Devlet organlarını düz mantıkla protesto etmeye, aldıkları her karara şüpheyle bakmay ve en ufak bir pürüzde yerden yere vurmaya alıştık. Önceki yazımdan sonra bazı okurlardan “Türk Telekom’dan ne kadar para aldınız bu yazı için” gibisinden mektuplar aldım. Evet, itiraf ediyorum. Az önce Türk Telekom destek hattını arayarak evdeki ADSL hattımı 3 GB limitli 512 Kbps hıza çevirdim. Çünkü evdeki kullanımımızı aylardır ölçüyorum, 1.5 GB’ı geçmiyor. Neden daha fazla ödeyeyim ki? Ayda 29 YTL’ye 512 Kbps’lik hıza kavuşuyorum. Yani Türk Telekom’un bu uygulaması sayesinde hem iki kat hıza, hem de aylık 20 YTL tasarrufa kavuştum.

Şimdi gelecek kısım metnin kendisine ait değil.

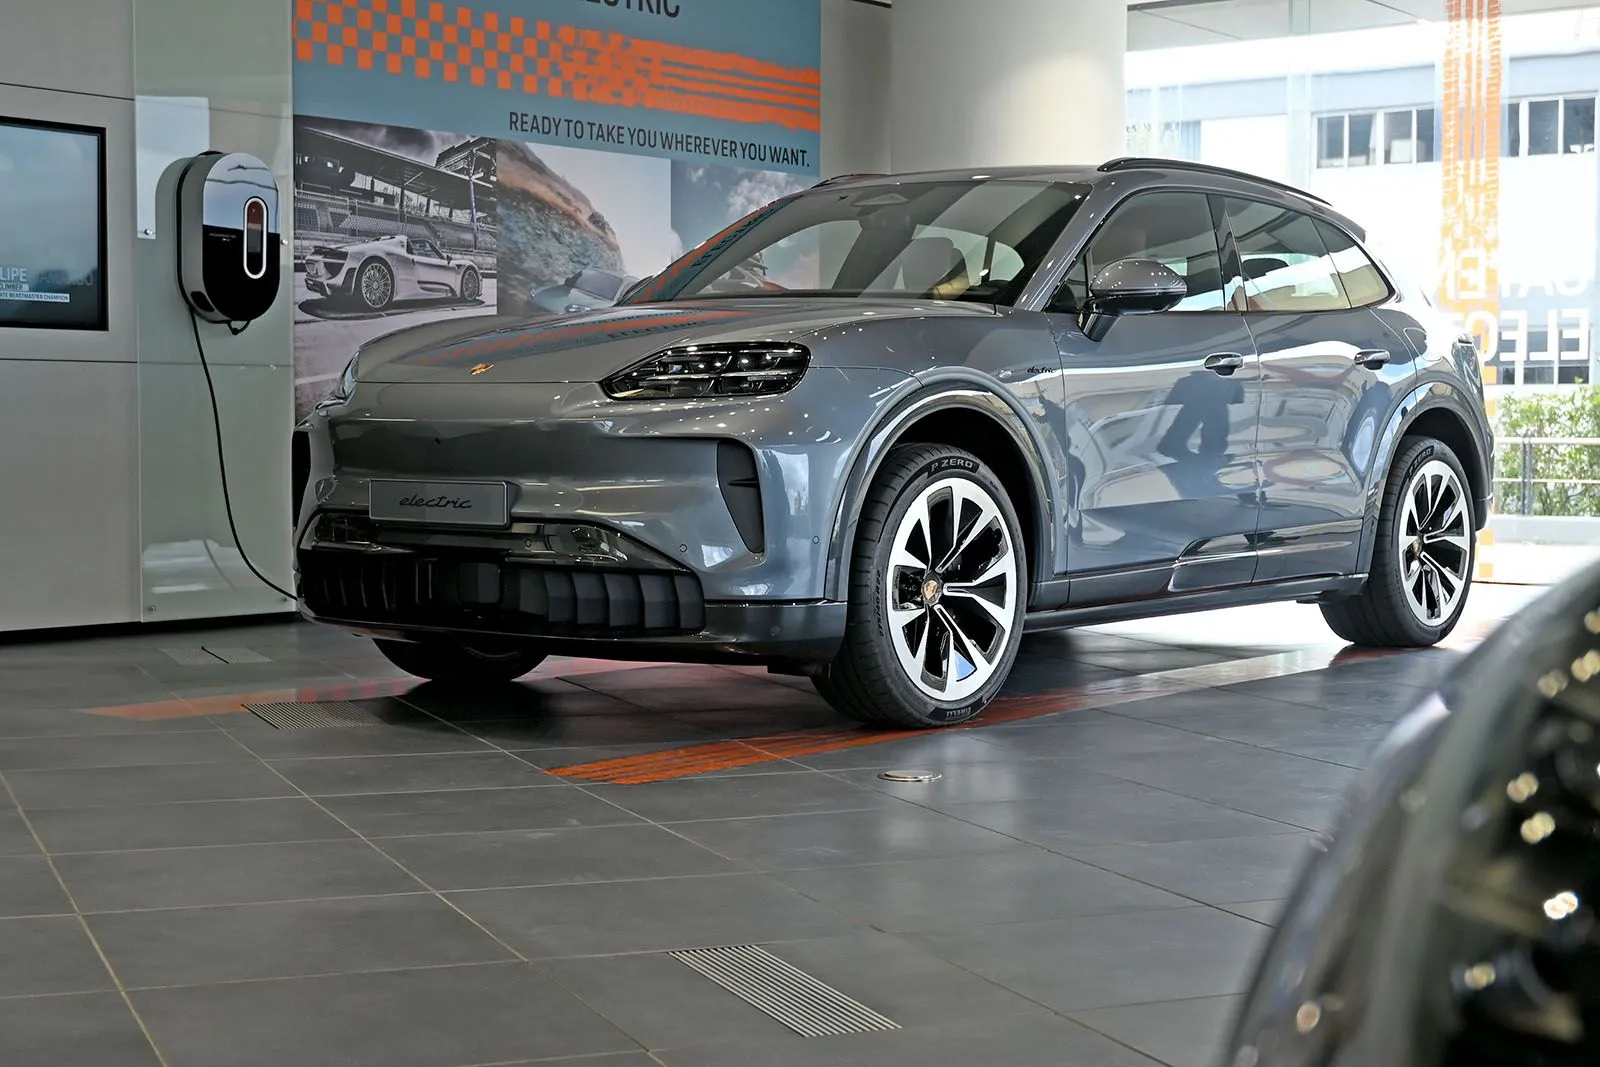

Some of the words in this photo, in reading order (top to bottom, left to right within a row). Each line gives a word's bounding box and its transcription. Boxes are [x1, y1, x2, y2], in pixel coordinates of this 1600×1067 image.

[509, 111, 562, 137] READY
[564, 119, 584, 139] TO
[587, 122, 625, 145] TAKE
[627, 127, 657, 148] YOU
[660, 131, 738, 158] WHEREVER
[739, 141, 767, 162] YOU
[769, 146, 810, 168] WANT.
[931, 462, 939, 471] P
[941, 458, 973, 469] ZERO
[399, 494, 472, 509] electric

Hesabını iyi yapan kazanacak
Türk Telekom’un amacı abonelerin kendi ihtiyaçlarını gözden geçirip uygun ve ekonomik tarifeye geçiş yapması. Bu düzenlemeden kârlı çıkabilirsiniz; yeter ki bir düşünün ve hesabınızı yapın.
Arşivcilere de çağrım şudur; bu yazdıklarıma sert biçimde tepki göstermeden önce, bir ayda indirdiğiniz film, MP3 ve oyun sayesinde kaç YTL’lik bir maliyetten kurtulduğunuzu hesap edin. Bence siz de kârlı çıkacaksınız bu hesaptan.
Biraz zaman lazım sadece; herkesin neyin ne olduğunu doğru biçimde anlaması için zaman lazım. Evet, bağcıyı dövmeden önce üzümlerin kalitesine ve tadına bir bakmak iyi olur değil mi?